Özellikle aile çiftçiliğinin desteklenmesinin, ülke kalkınmasında önemli bir rol oynadığını vurgulayan Kaya, büyük şirketlere seslenerek aile çiftçilerinin yaptıkları işlere göz dikmemeleri gerektiğini söyledi.
 
Çanakkale Ziraat Odası Başkanı İsmail Kaya, ülke ekonomisinde önemli bir yeri olan köylerdeki tarımı genel hatları ile değerlendirdi. Köylerde genç nüfusunun azalması hakkında düşüncelerini paylaşan Kaya, “Köylerimizde, kırsalda nüfus azalıyor. Neden azalıyor? Çünkü kırsalda yaşam şartları zor. Kırsalda yaşamak kolay değil. Şehir merkezlerinde olan olanaklar köylerimizde olmadığı için, şöyle bir durum söz konusu oldu;  özellikle merkez köylerimizde, ilçelerin merkeze yakın köylerinde ve bizim Çanakkale merkeze yakın köyler, kışın Çanakkale’ye geliyor üretici, o dönemi şehirde geçiriyor. Kaloriferli evde kalıyor. Yazın yine üretim sezonunda araziye geri dönüyor. Bu türde bir azalma var ama para kazanamayarak, köyde istediği şekilde üretim yapamamaktan, istediği fiyatı elde edememekten köyden kente kaçışlar oluyor “ şeklinde konuştu.
 
“ÜLKE OLARAK BELLİ BİR YERLERE GELMEK İSTİYORSAK DOĞRU OLACAĞIZ”

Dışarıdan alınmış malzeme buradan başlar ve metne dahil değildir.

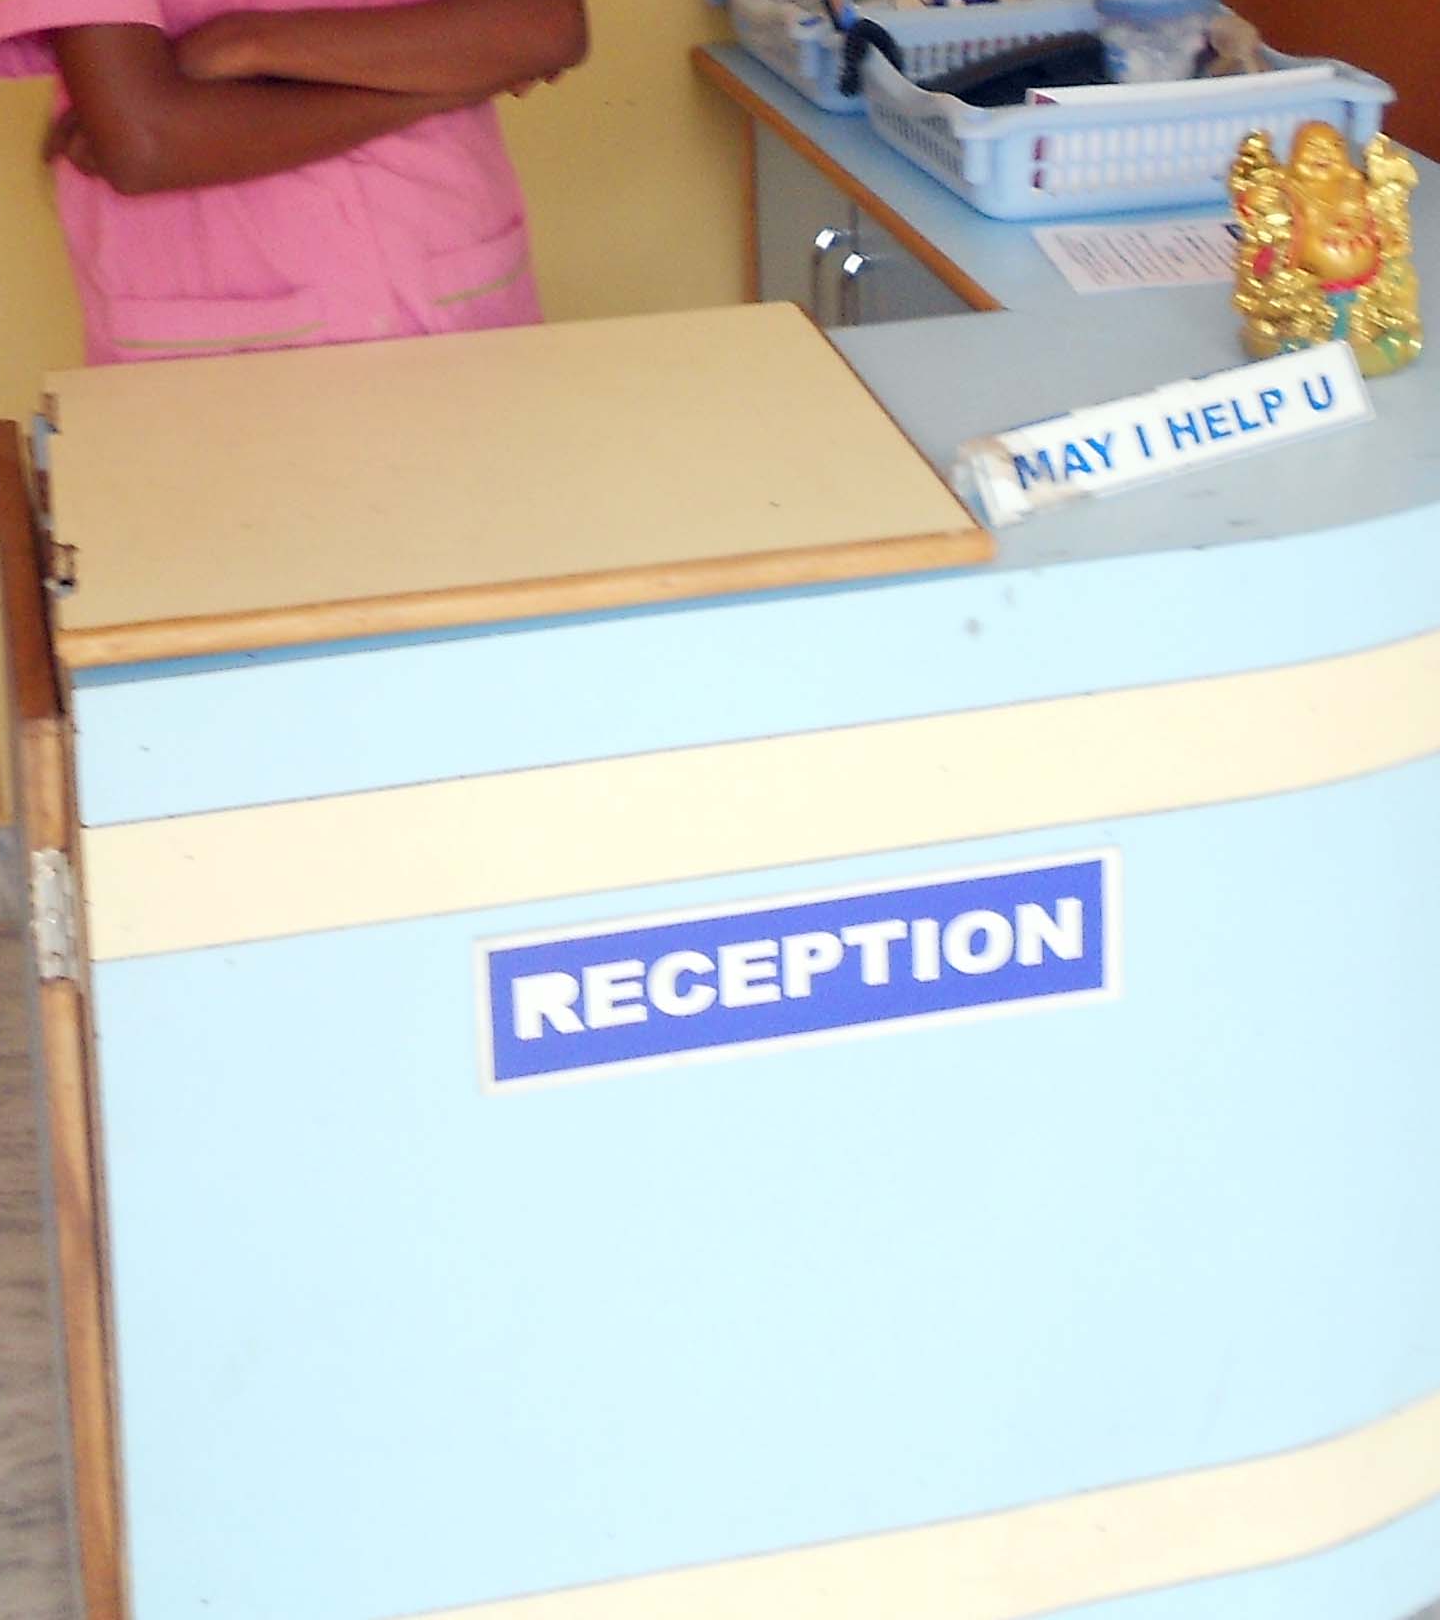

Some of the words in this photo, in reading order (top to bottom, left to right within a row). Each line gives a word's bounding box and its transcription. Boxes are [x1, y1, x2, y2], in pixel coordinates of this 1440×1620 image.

[1013, 431, 1114, 494] MAY
[1138, 423, 1151, 458] I
[1167, 386, 1289, 452] HELP
[1303, 374, 1336, 412] U
[511, 896, 1083, 1040] RECEPTION

Kaya, genç çiftçilere verilen desteklerden de bahsetti. Hükümetin birçok desteği olduğu ama bazı kesimin bunu kötü niyetle kullandığını belirterek, bu kişilerin ayrılması gerektiğini söyledi. Başkan Kaya, “Hükümetin genç çiftçilerle alakalı 3 yıldan beri teşvikleri oldu. Devlet, ben köyde iş kuracağım, köyde yaşayacağım ya da zaten yaşıyorum, iş kuracağım diyorsan 30 tane hayvan veya 1-2 dönüm sera, kapalı meyve bahçesi gibi 30 bin liralık yatırımlar yapıyordu. Biz 3 yıldan beri Çanakkale’nin tamamında ilçeler ile beraber bin civarında genç çiftçiye biz bakanlık tarafından verilen destekleri dağıtan ekibin içindeydik. Orada ihtiyacı olan, yapmaya azimli olan insanların işlerini yapmasına vesile olduk. Çok başarılı, yerinde vermiş olduğumuz projeler oldu.  30 tane koyun vermişiz üreticiye, 100 tane yapmış. Bundan para kazanıyorum diyor. Bizim bunları yakalamamız gerekiyor. Bir de bizden bu desteği almış. Şimdi gidip bakıyorsun koyunlar yok ya da başkasını ahırında, koyunları satmış. Bizim bunlardan da kendimizi kurtarmamız gerekiyor. Birey olarak, aile olarak, köy olarak, ülke olarak belli bir yerlere gelmek istiyorsak doğru olacağız. Kandırmamasını öğreneceğiz. Kimseyi kandırmayacağız, kimsenin de bizi kandırmasına müsaade etmeyeceğiz. Dolayısıyla bu projenin içerisinde yüzde 80 bu proje başarılıydı ama yüzde 15-20’lik bakanlığı, bizleri kandıran kesimi eğitmemiz gerekiyor” dedi.
 
“AİLE ÇİFTLİKLERİNİN ÇOK ÖNEMLİ OLDUĞUNU DÜŞÜNÜYORUM “
Kaya, aile çiftçiliğinin desteklenmesinin önemine değinerek, büyük şirketlere de şu şekilde seslendi: “Büyük şirketler kuruluyor, meyve bahçeleri, besi damları kuruluyor. Gariban çiftçinin işine göz dikmeyin. Bizim aile çiftçisini ayakta tutmamız gerekiyor. Büyük şirketlere söylüyorum, aile çiftçisinin kazancına göz dikmeyin. Kurumsal şirketler bugün domates, şeftali, elma, armut yetiştiriyor, besi çiftlikleri kuruyor, tavuk yetiştiriciliği kuruyor. Biz kendi kendimize yetiyorduk. Ne zaman ki şirketler bu işlere el atmaya başladı üretici olarak işten çıkmaya başladık. Bu noktada aile çiftliklerinin çok önemli olduğunu düşünüyorum ve verilen desteklerin ne yapılıp edilip aile çiftçilerine verilmesi ve bizim tekrar büyümeyi aile çiftçilerin üzerinden gerçekleştirmemiz gerektiğini düşünüyorum. Aile çiftliklerinin son dönemde önemi ortaya çıktı. Buradan tekrar büyüyeceğimizi düşünüyorum.”
 
“ÜRETİCİLERİN TEK TEK CEBİNDEN O MAKİNELER İÇİN PARA ÇIKMASIN”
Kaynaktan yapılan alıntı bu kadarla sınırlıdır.